Préambule: l’article suivant concerne spécifiquement les zones fréquentées dans lesquelles un système de sentiers formels est en place. Si vous randonnez sur un terrain sans sentier, faites toujours en sorte d’éviter de marcher sur une végétation fragile et si vous êtes en groupe, minimisez votre impact sur l’environnement en vous dispersant afin d’éviter de former des chemins que les futurs randonneurs pourraient suivre.

N’avez-vous jamais évité une tourbière, un sentier tout boueux en passant sur le côté sec pour ne pas vous salir?

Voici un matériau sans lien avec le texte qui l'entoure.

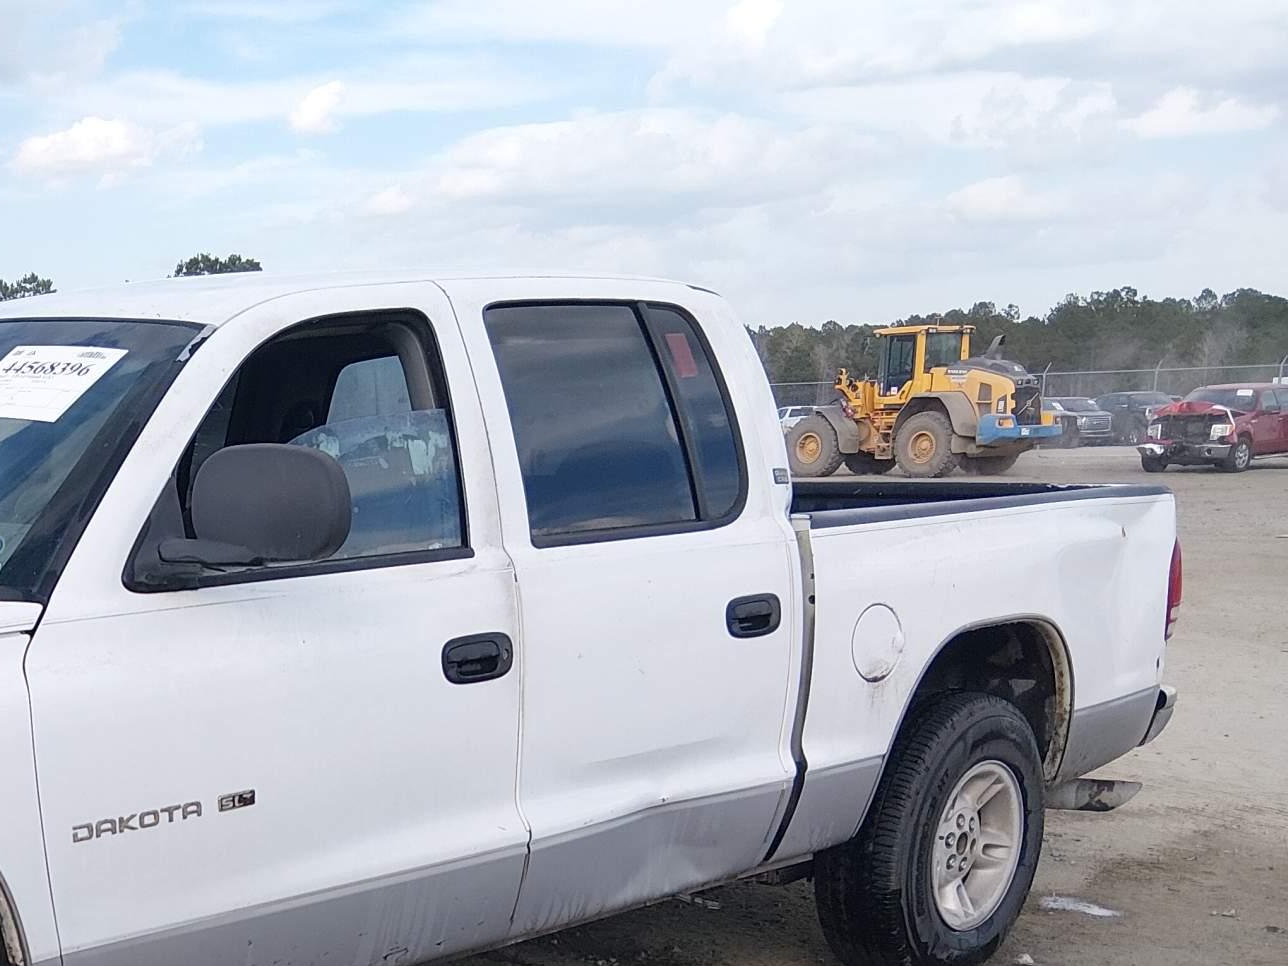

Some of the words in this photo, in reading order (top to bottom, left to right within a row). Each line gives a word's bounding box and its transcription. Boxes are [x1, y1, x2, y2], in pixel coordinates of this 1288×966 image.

Cela m’est arrivé un nombre incalculable de fois et ce n’est que récemment, en discutant avec un guide de randonnée, que j’ai découvert que cela pouvait avoir un impact négatif sur la nature environnante.

Si l’impact d’un seul individu peut être minime, les dégâts causés par un nombre important de randonneurs faisant exactement la même chose au même endroit sont tout sauf négligeables. Les répercussions de la pratique généralisée de la randonnée hors sentier dans les zones à fort trafic sont les suivantes :

  • Érosion à grande échelle
  • Végétation endommagée
  • Perturbation de la vie sauvage
  • Modification de l’hydrologie
  • Élargissement des sentiers
  • Augmentation de la boue

L’objectif principal d’un réseau de sentiers formels est de permettre aux gens de profiter d’un environnement naturel, tout en minimisant l’impact de l’homme sur la zone en question. Lorsqu’un grand nombre de randonneurs contournent les tourbières, coupent les lacets et prennent des raccourcis, cet objectif est fondamentalement compromis.

Les chaussures peuvent être nettoyées. Vous pouvez sécher vos pieds à la fin de la journée. Il n’est pas aussi facile de remédier aux dommages causés à la végétation et par l’érosion. La solution ? Elle est simple. Si vous marchez sur un sentier, qu’il soit boueux, humide ou tortueux, faites-vous une raison et suivez la « voie du milieu ».